We established a crizotinib-resistant subline (H2228/CR), which was derived from the parental H2228 cell line by long-term exposure to increasing concentration of crizotinib. Characteristics related with EMT including morphology, EMT marker proteins and cellular mobility were analyzed. We examined whether the induction of EMT affect sensitivity to Hsp90 inhibitors.
Compared with the H2228 cell, the growth of H2228/CR cells was independent on EML4-ALK, and they showed cross-resistance to TAE-684 (a 2[nd]-generation ALK inhibitor). Phenotypic change of a spindle-cell shape was found in H2228/CR, which was accompanied by a decrease of E-cadherin and an increase of vimentin and AXL. In addition, they showed the increased secretion and expression of TGF-β1. The capability of invasion and migration was dramatically increased in H2228/CR cells.
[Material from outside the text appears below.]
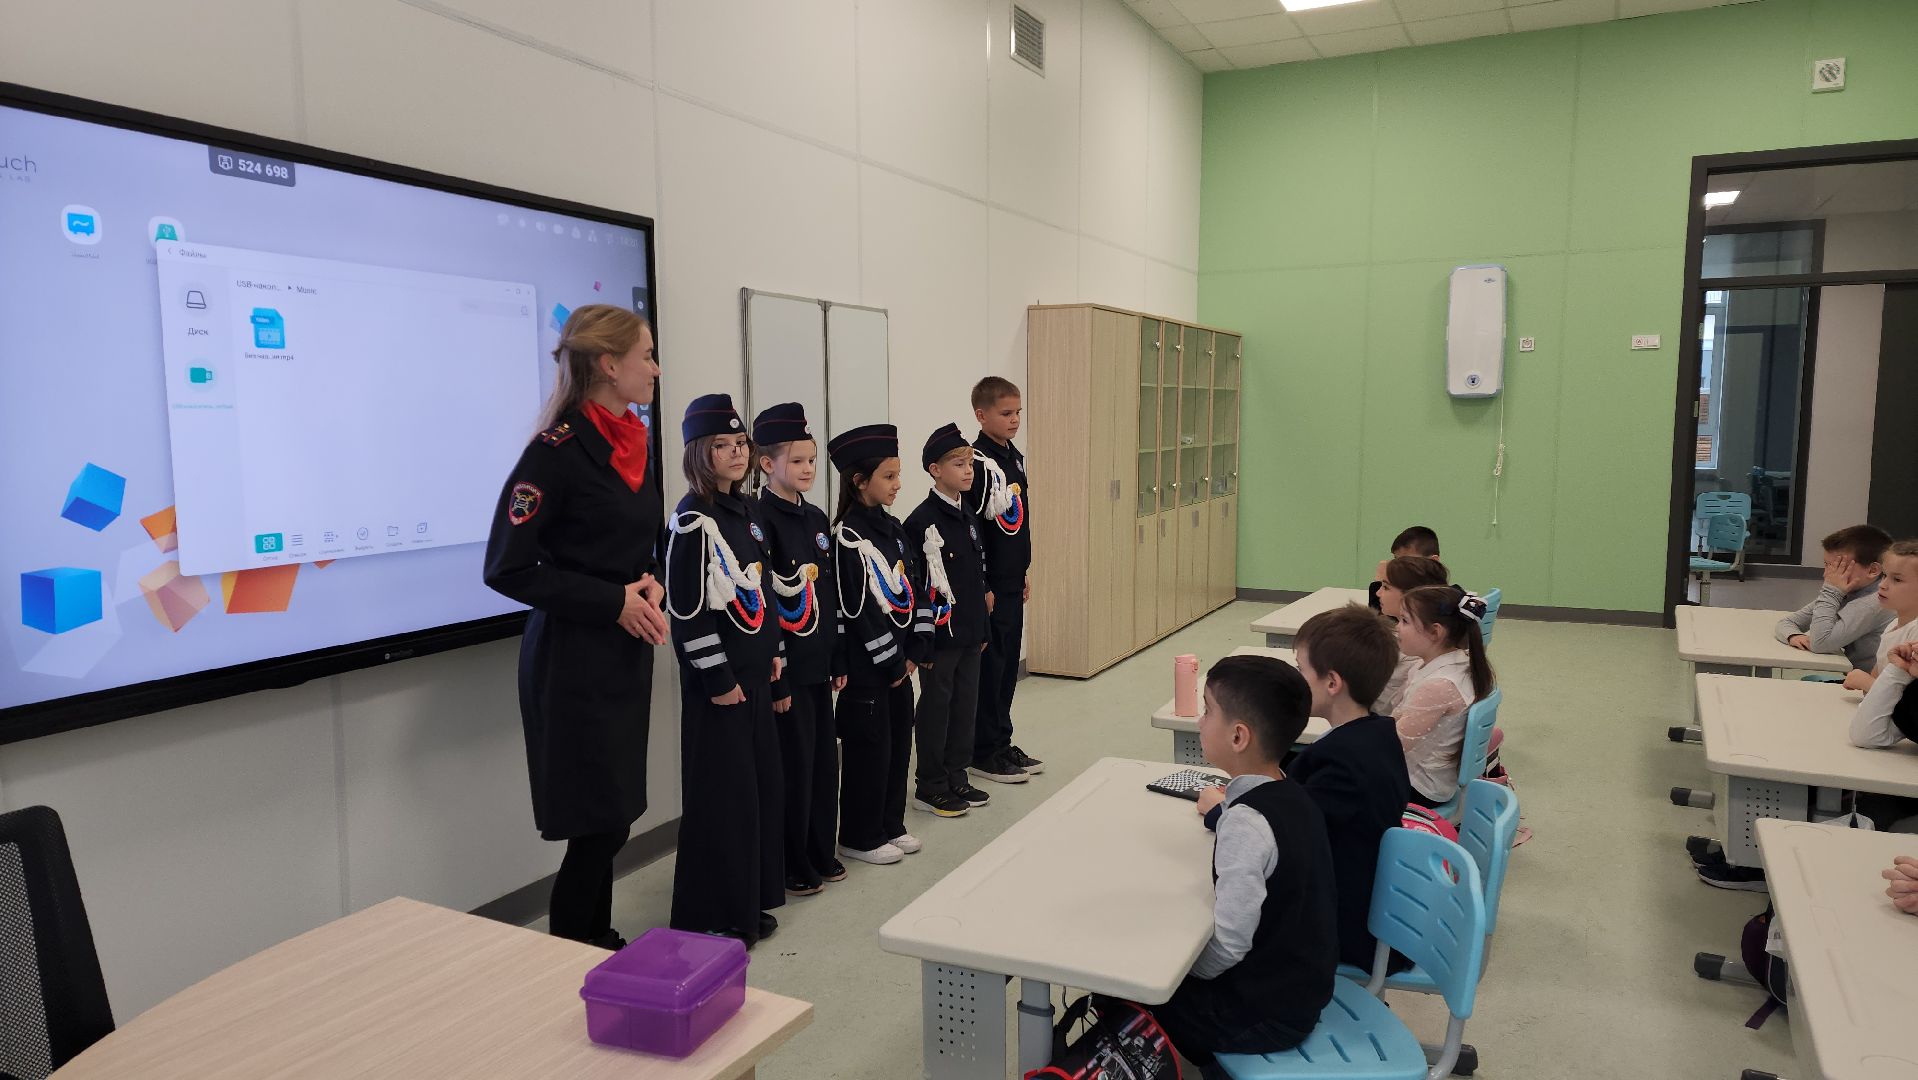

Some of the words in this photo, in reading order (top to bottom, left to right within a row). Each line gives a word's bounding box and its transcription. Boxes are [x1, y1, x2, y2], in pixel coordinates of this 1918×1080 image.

[238, 158, 262, 176] 524
[265, 163, 289, 180] 698
[187, 327, 209, 337] Диск
TGF-b1 treatment for 72 h in parental H2228 cells induced reversible EMT leading to crizotinib-resistance while this was reversed through the removal of TGF-β1. Suppression of vimentin by siRNA treatment in H2228/CR cells restored the sensitivity to crizotinib. Furthermore, these resistant cells remained highly sensitive to the Hsp90 inhibitors similar to parental cells, H2228. HSP90 inhibition resulted in downregulation of TGF-β receptor II in addition to ALK.
EMT should be considered as one of possible acquired resistant mechanisms to crizotinib and HSP90 inhibitors can be a promising therapeutic option for EMT-mediated resistance.